The Federal Trade Commission (FTC) and the Indian Arts and Crafts Board (IACB) of the U.S. Department of the Interior have joined forces to combat the deceptive marketing of arts and crafts products as made by American Indians. Representatives from both agencies have surfed the Internet to locate websites that advertise American Indian arts and crafts. After identifying approximately 425 sites that appear to market American Indian arts and crafts as authentic, the FTC staff and IACB notified each site operator that the law prohibits false representations about the origin of arts and crafts, and cautioned site operators that all ad claims must be truthful and non-deceptive, and urged them to immediately remove any untrue or deceptive claims.

"Authentic American Indian arts and crafts are prized for their beauty, originality and workmanship," said Jodie Bernstein, Director of the FTC's Bureau of Consumer Protection. "When counterfeit arts and crafts are sold as authentic, it not only hurts Tribes and individual artists, but also the consumers who don't get what they pay for.
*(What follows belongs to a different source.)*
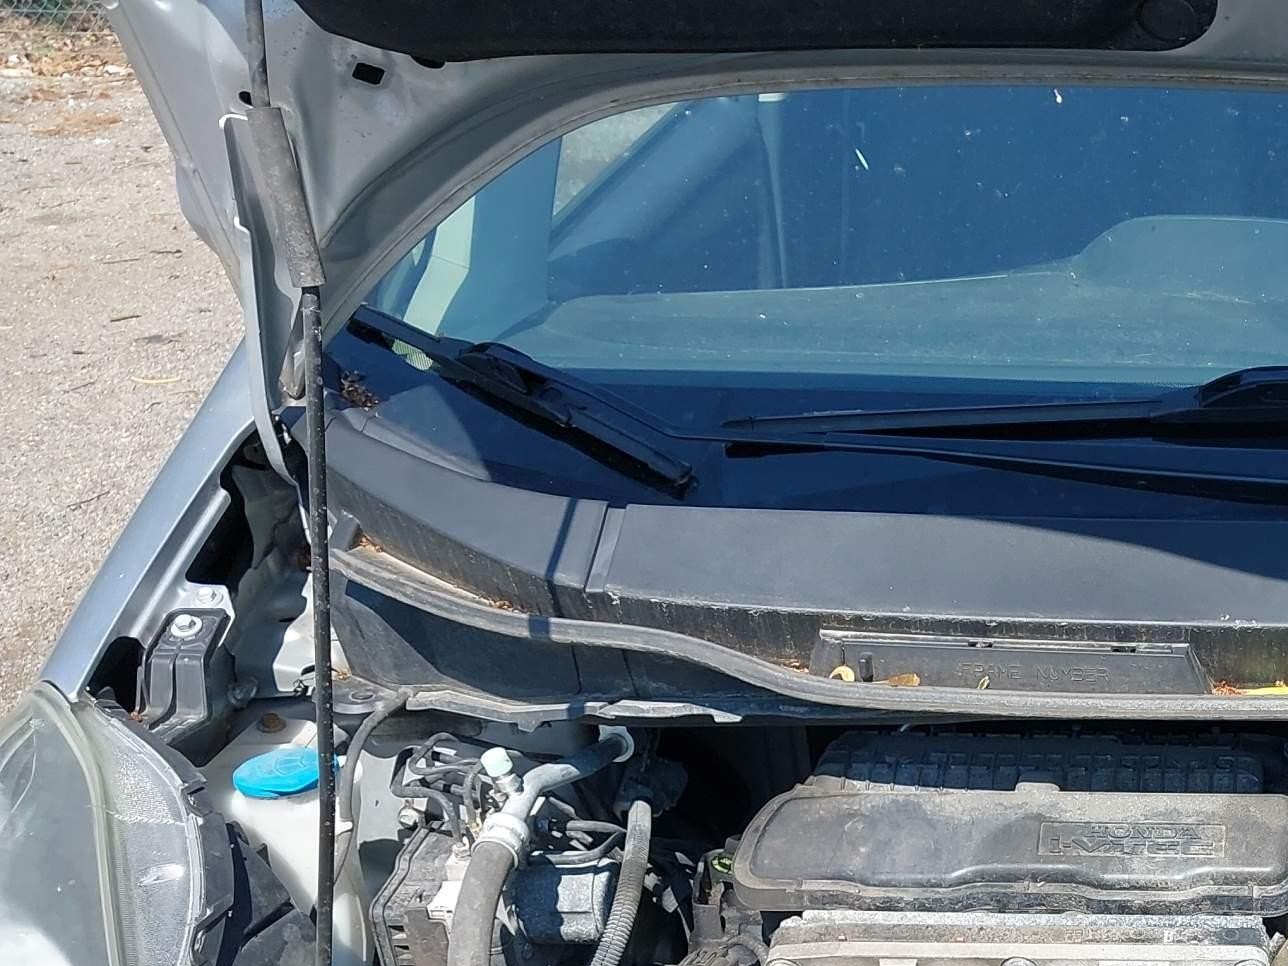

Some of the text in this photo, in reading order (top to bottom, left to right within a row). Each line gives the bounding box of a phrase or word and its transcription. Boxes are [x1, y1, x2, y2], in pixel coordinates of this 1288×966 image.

[958, 662, 1110, 684] FRAME NUMBER
[1083, 824, 1202, 840] HONDA
Consumers interested in authentic American Indian arts and crafts should buy from established dealers who give written guarantees or certificates of authenticity."

The Indian Arts and Crafts Act of 1990 makes it illegal to advertise or sell any art or craft in a way that falsely suggests it is produced by an American Indian or is the product of a particular American Indian tribe. All claims about the Indian origin and tribal affiliation for any product must be truthful. The IACB may refer violations of the Act to the Department of Justice for prosecution. "The Indian Arts and Crafts Board is determined to do whatever it can to rid the Indian Arts and Crafts market of frauds," according to Meridith Stanton, Acting Director of the IACB.

The FTC Act prohibits "unfair or deceptive" acts or practices. In the past, the Commission has brought law enforcement actions against individuals and companies that misrepresented facts about artists, artisans and artwork, including their ethnic origins.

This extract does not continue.